Trade dynamics have also been critical, especially with the United States imposing a 10% tariff on all goods from Singapore in April. The impact of these tariffs has prompted the Singaporean government to set up a task force to support affected businesses and workers. Despite facing these headwinds, the economy demonstrated resilience with a better-than-expected growth rate of 1.4% in Q2 2025. Nonetheless, the MAS decided to maintain its current policy settings, anticipating a moderation in growth for the latter half of the year.
Inflation rates are another essential component of the SGD's landscape. Recent trends indicate a decline in core inflation in Singapore, dropping to 0.6% in June from a peak of 5.5% in early 2023. This decrease has provided the MAS with the flexibility to keep its monetary policy unchanged, suggesting that inflationary pressures remain subdued.

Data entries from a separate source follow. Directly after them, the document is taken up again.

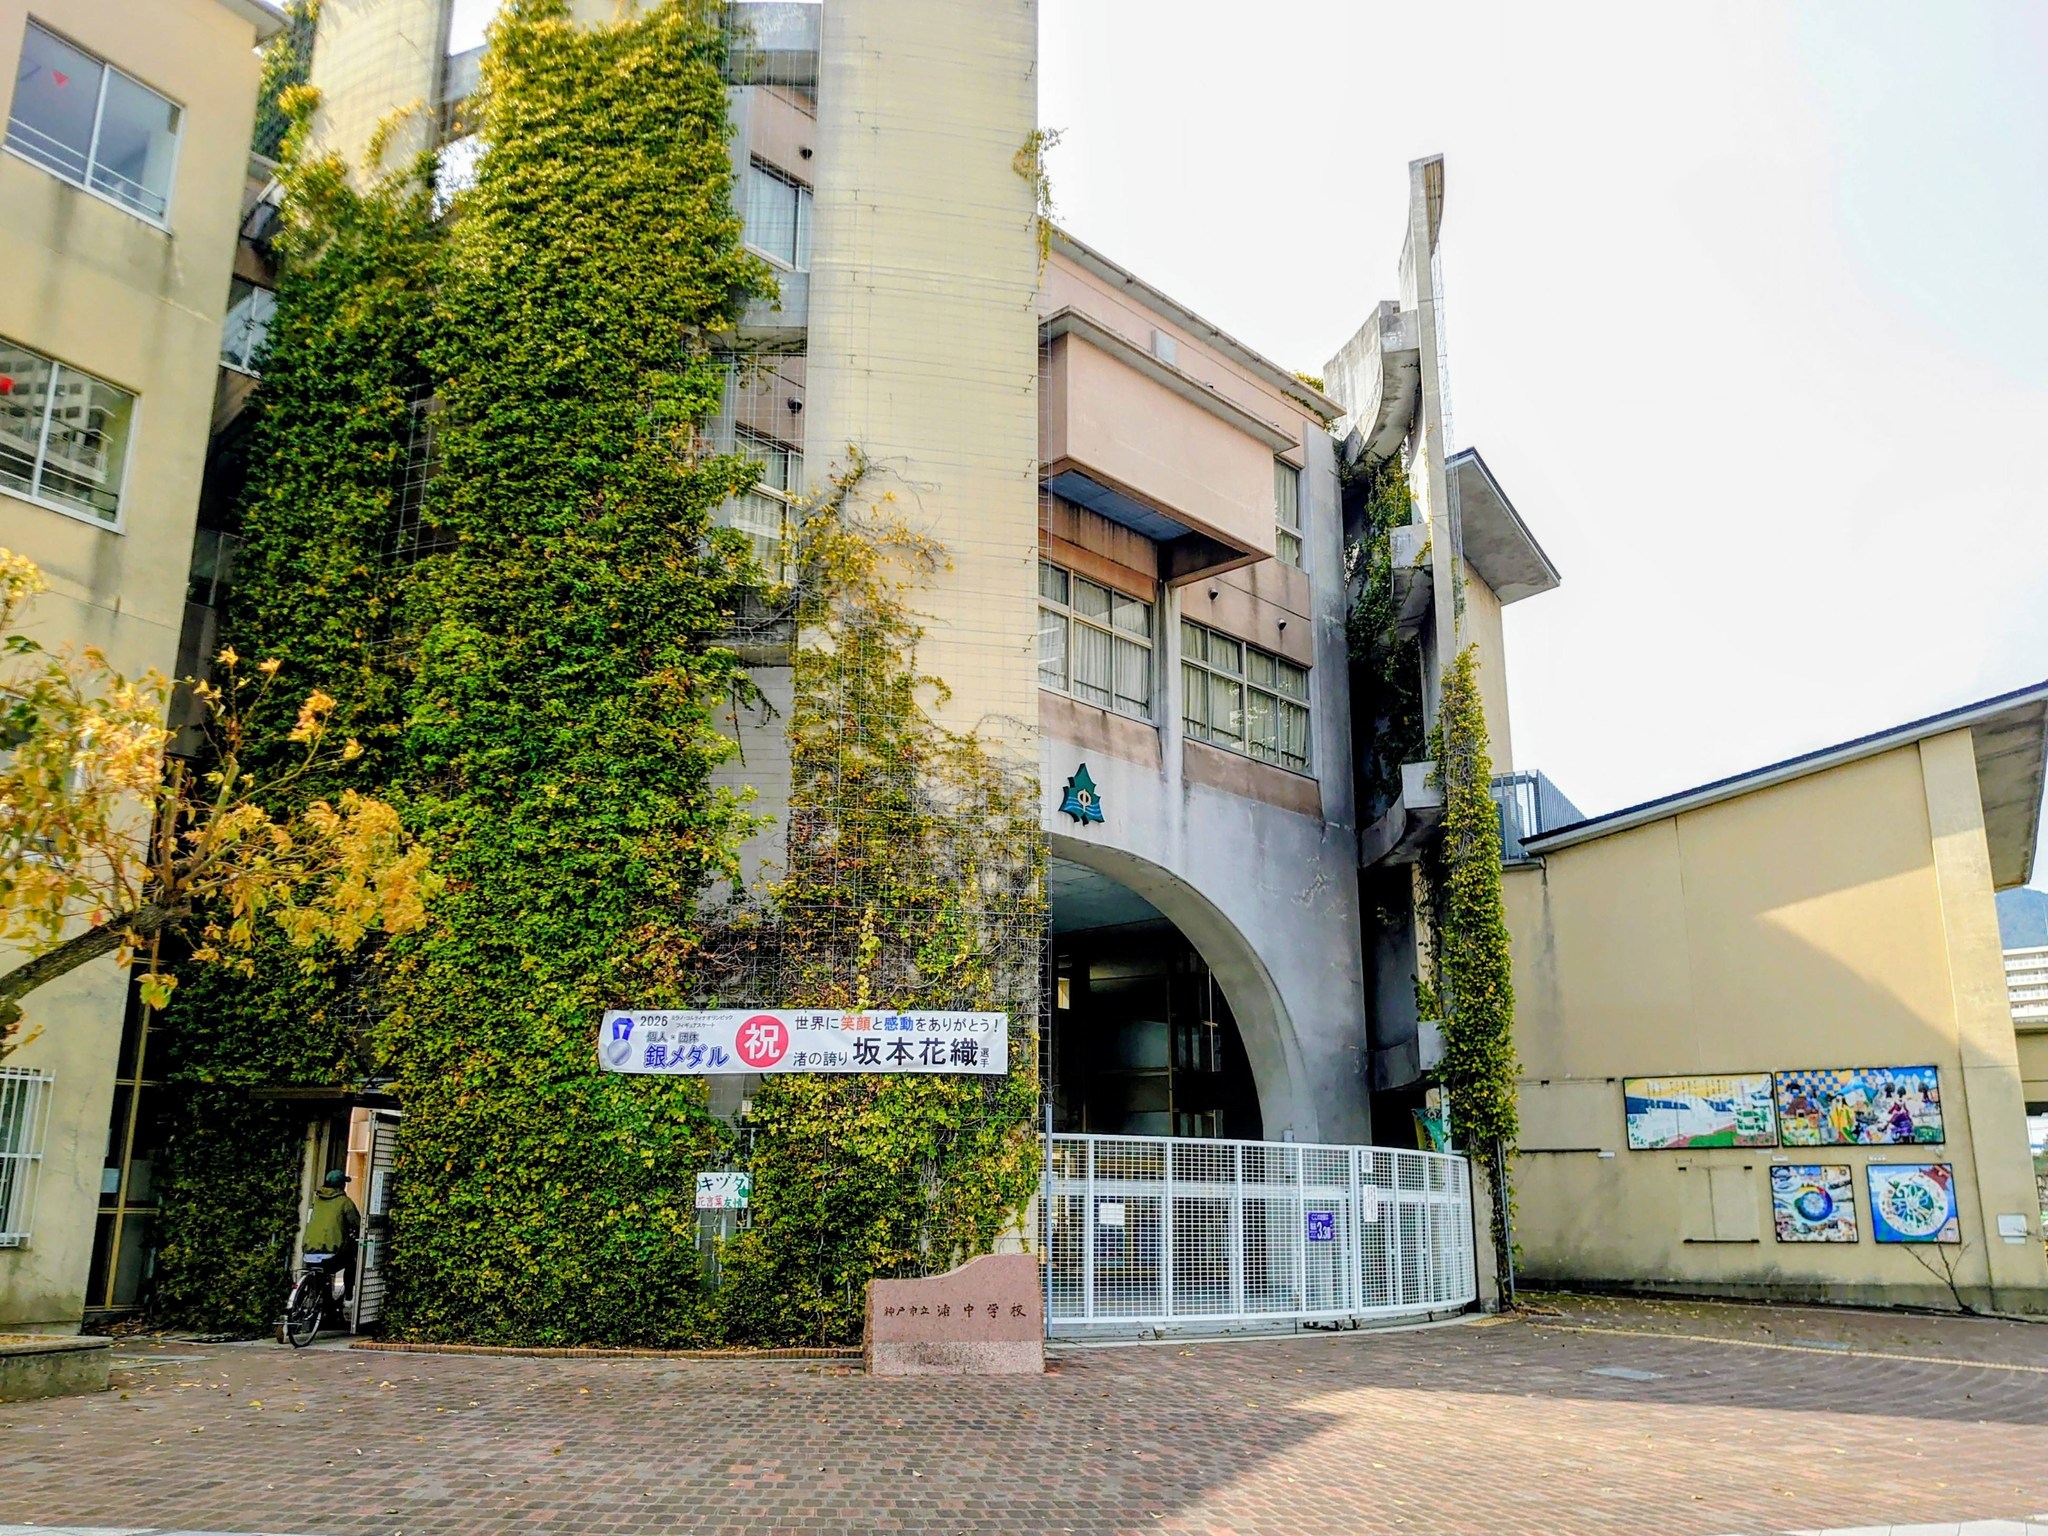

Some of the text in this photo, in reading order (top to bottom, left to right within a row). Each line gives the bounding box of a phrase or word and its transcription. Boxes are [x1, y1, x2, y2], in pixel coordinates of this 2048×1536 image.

[640, 1015, 668, 1027] 2026
[795, 1015, 999, 1033] 世界に笑顔と感動をありがとう！
[646, 1031, 699, 1043] 個人・団体
[743, 1023, 781, 1060] 祝
[644, 1044, 730, 1069] 銀メダル
[793, 1051, 848, 1067] 渚の誇り
[852, 1036, 979, 1066] 坂本花織
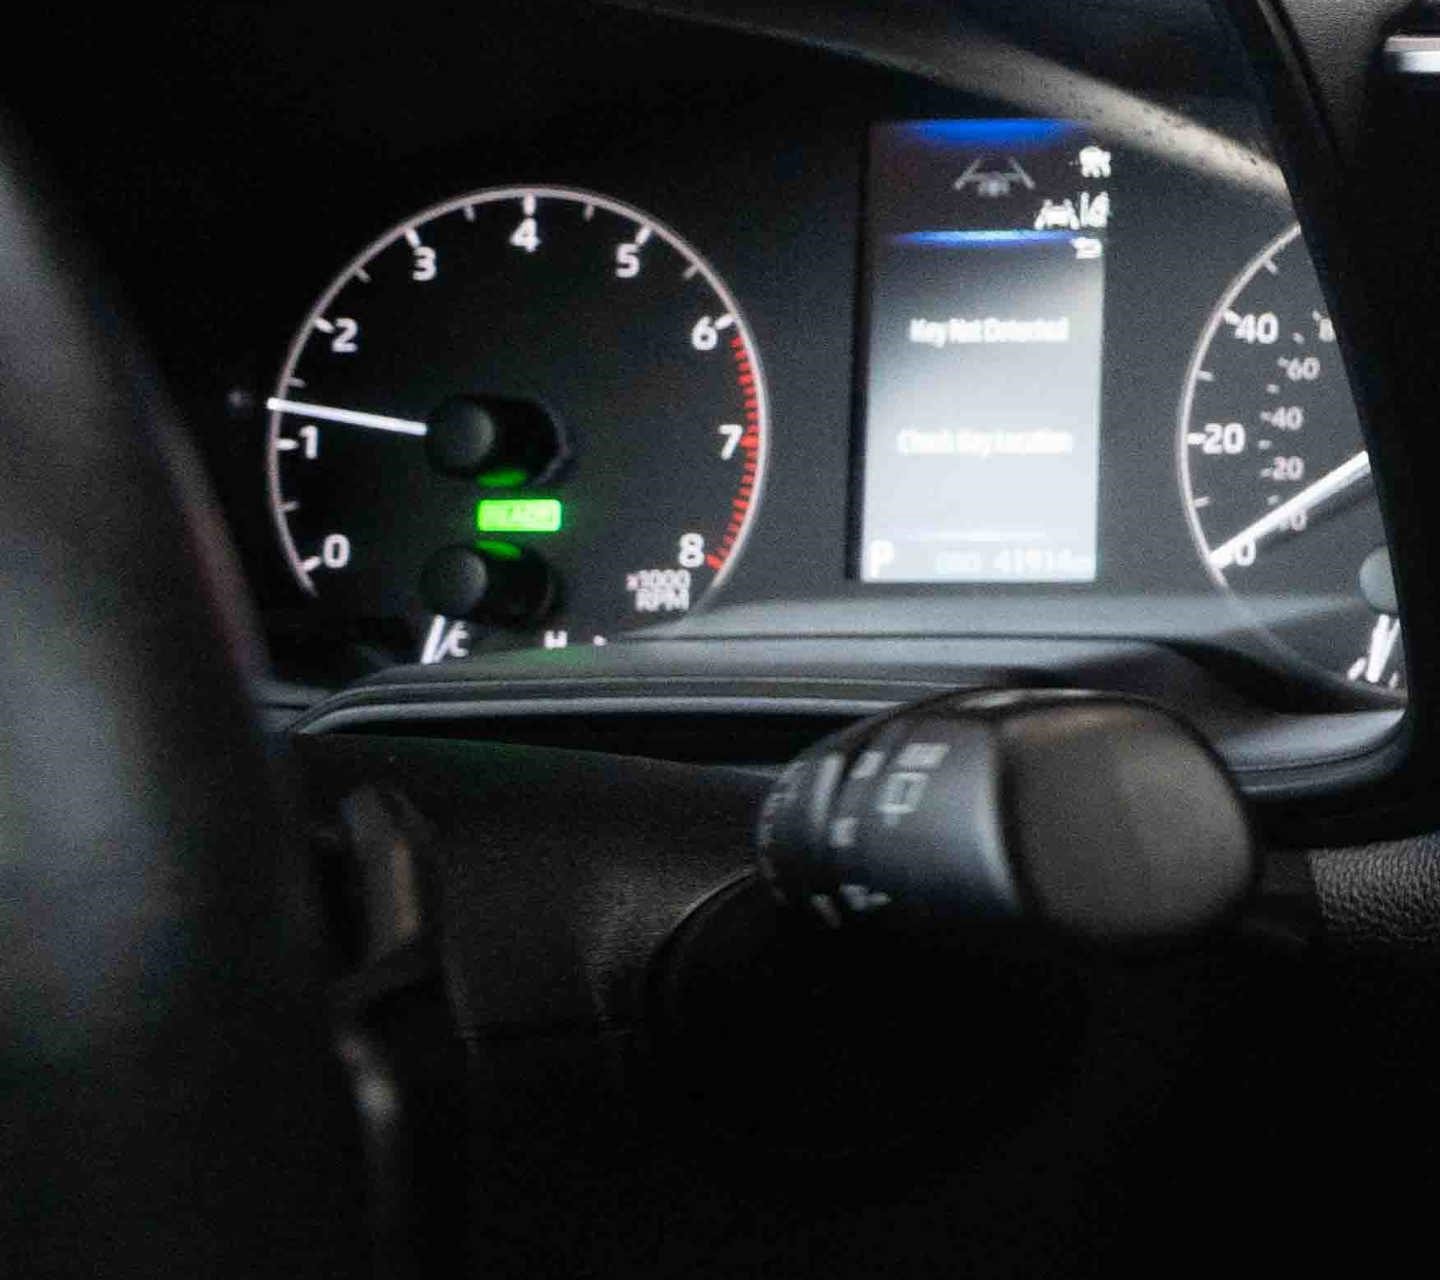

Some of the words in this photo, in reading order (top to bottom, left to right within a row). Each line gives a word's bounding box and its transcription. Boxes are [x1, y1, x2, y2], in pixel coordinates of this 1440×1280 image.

[509, 218, 541, 253] 4
[412, 246, 438, 282] 3
[614, 242, 641, 278] 5
[331, 317, 358, 353] 2
[690, 315, 718, 352] 6
[1235, 313, 1280, 345] 40
[1284, 356, 1321, 381] 60
[1269, 406, 1304, 431] 40
[300, 425, 319, 460] 1
[717, 424, 743, 461] 7
[1201, 423, 1247, 455] 20
[1271, 455, 1305, 480] 20
[323, 533, 351, 569] 0
[679, 533, 705, 569] 8
[868, 540, 896, 578] P
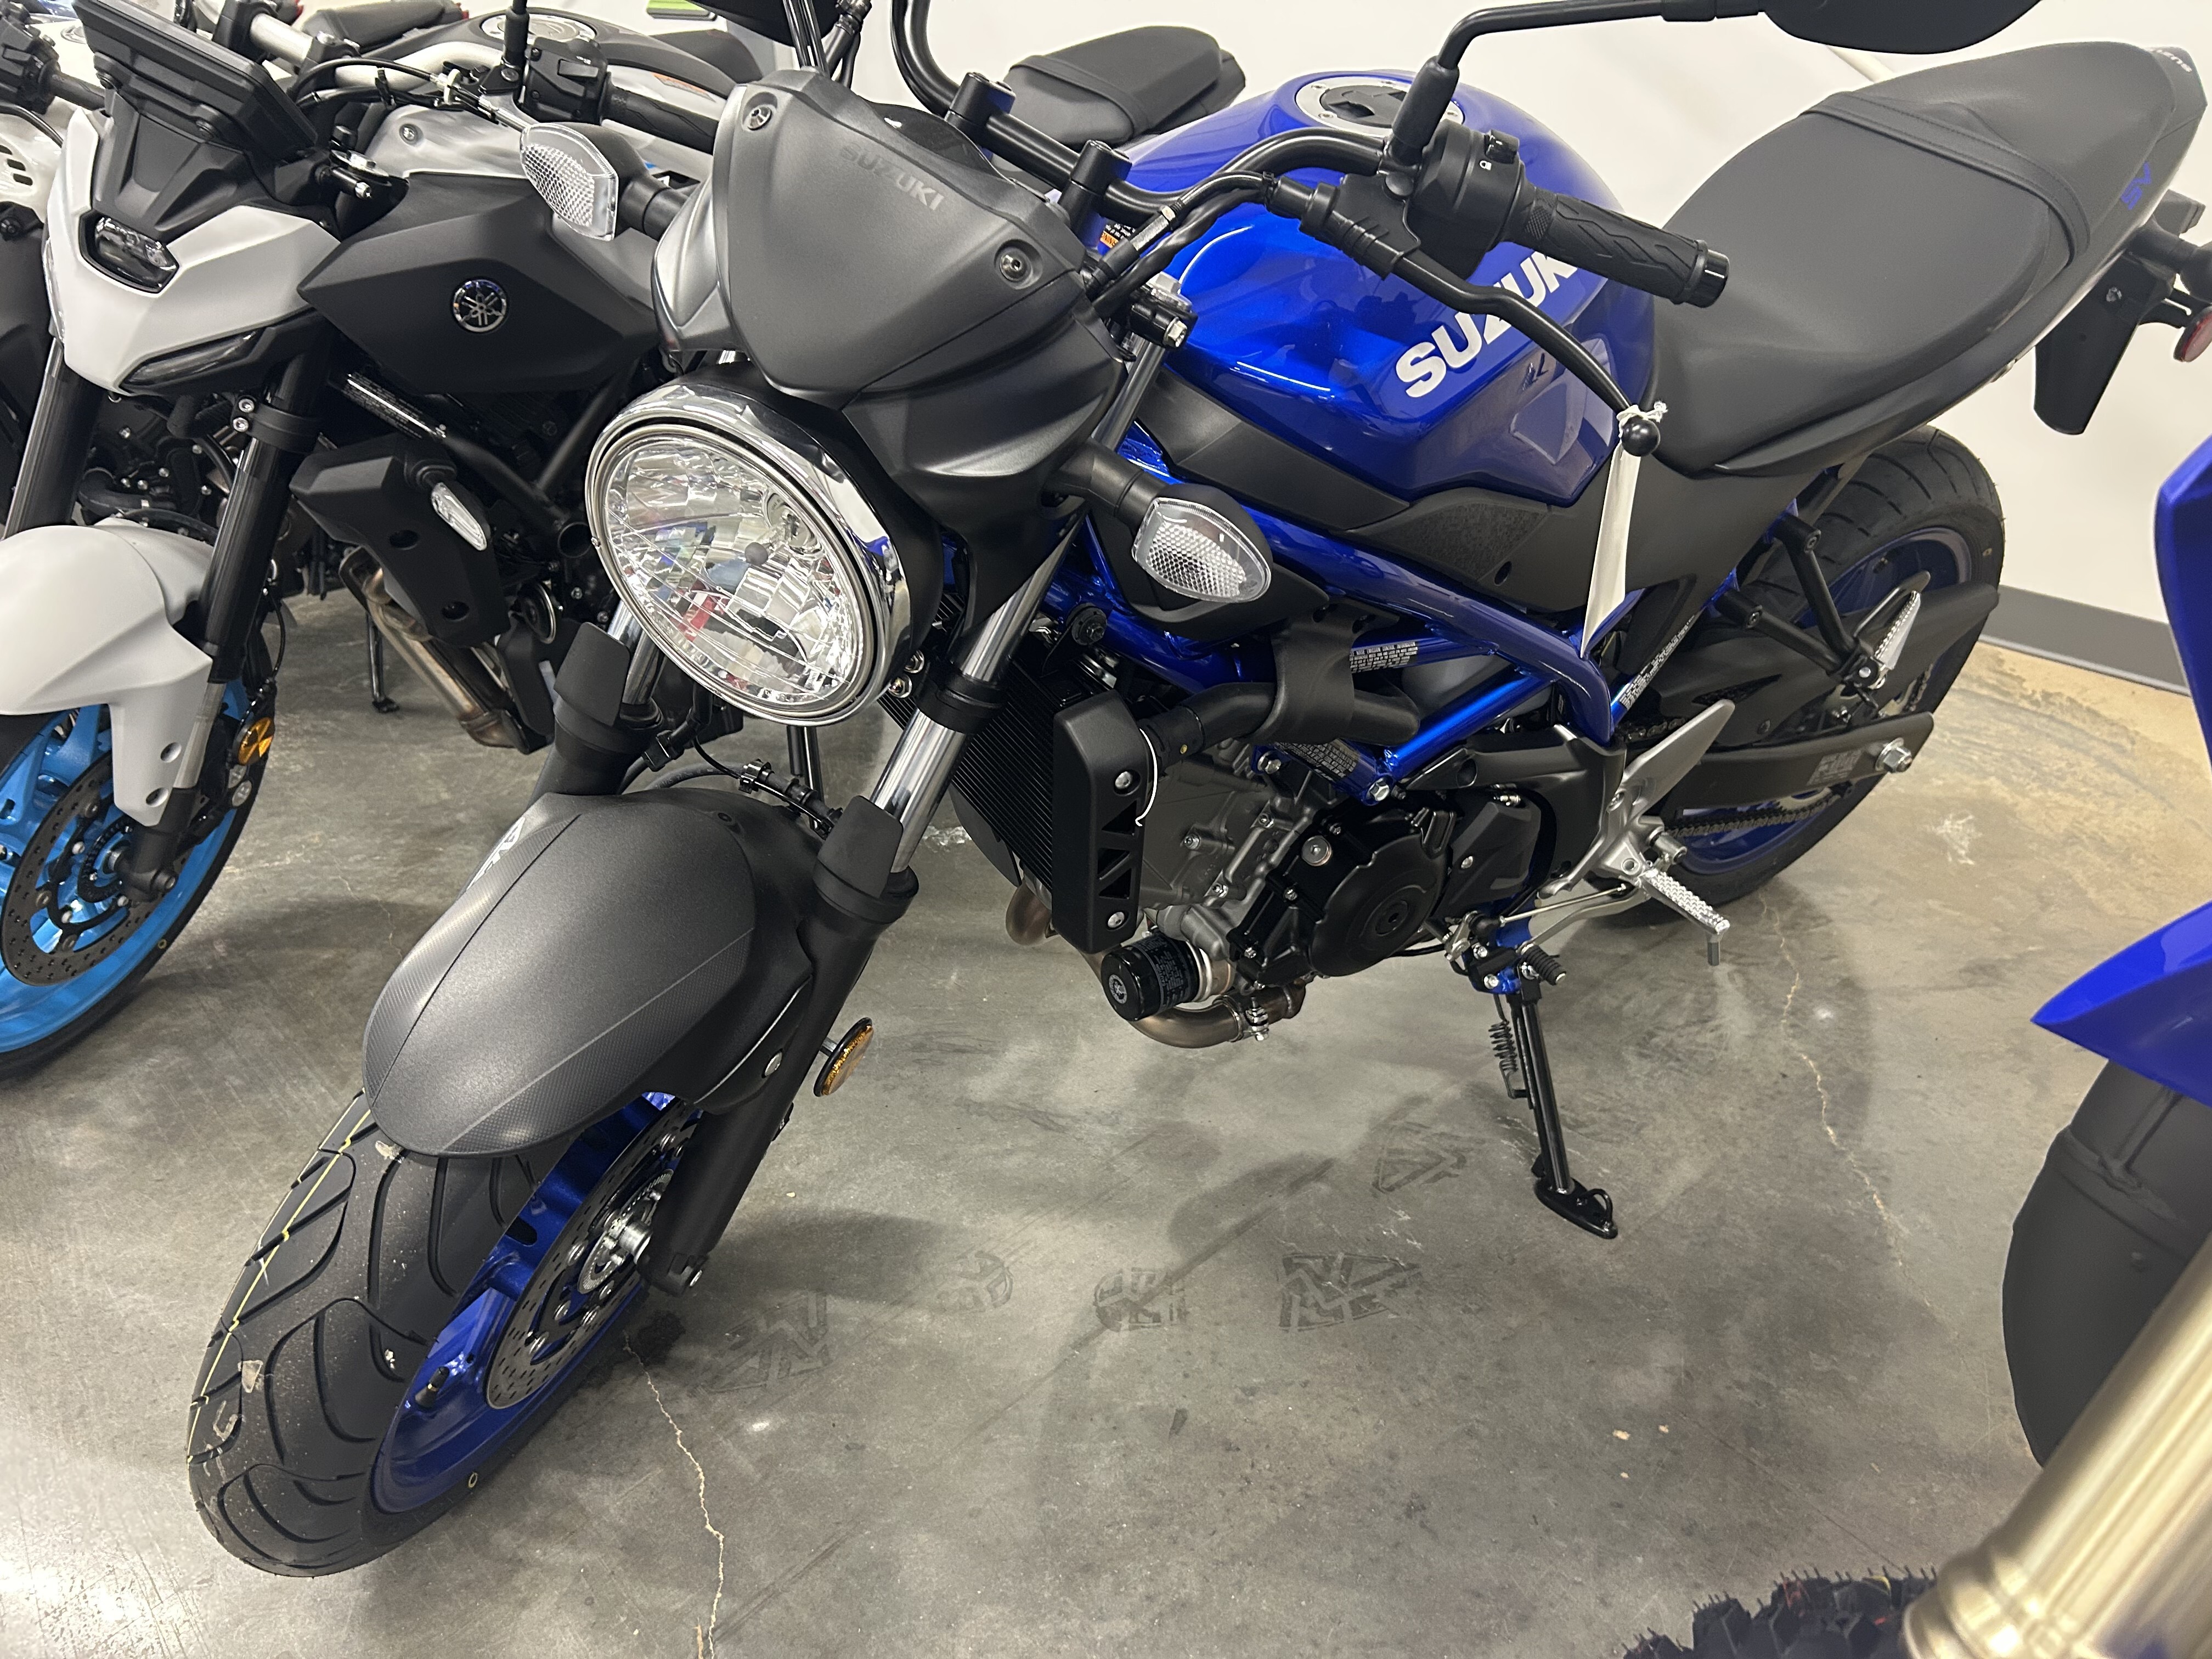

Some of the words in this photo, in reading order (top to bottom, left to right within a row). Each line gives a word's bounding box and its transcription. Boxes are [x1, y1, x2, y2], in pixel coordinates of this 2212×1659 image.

In currency market movements, the SGD to USD has recently reached 14-day highs near 0.7795, aligning closely with its 3-month average and exhibiting a stable range of 2.4%. In contrast, the SGD to EUR is at 14-day lows near 0.6673, which is 1.0% below its 3-month average and within a consistent trading range. Similarly, the SGD to GBP has hit 14-day lows near 0.5771, hovering near its 3-month average after remaining stable. Conversely, the SGD to JPY has risen to 7-day highs near 115.2, marking a 1.5% increase over its 3-month average, indicating some strength against the yen.
Analysts suggest that ongoing developments in trade relations and inflationary trends will play a crucial role in determining the future trajectory of the SGD. For individuals and businesses engaging in international transactions, these factors are essential to consider for optimizing exchange rates and minimizing costs.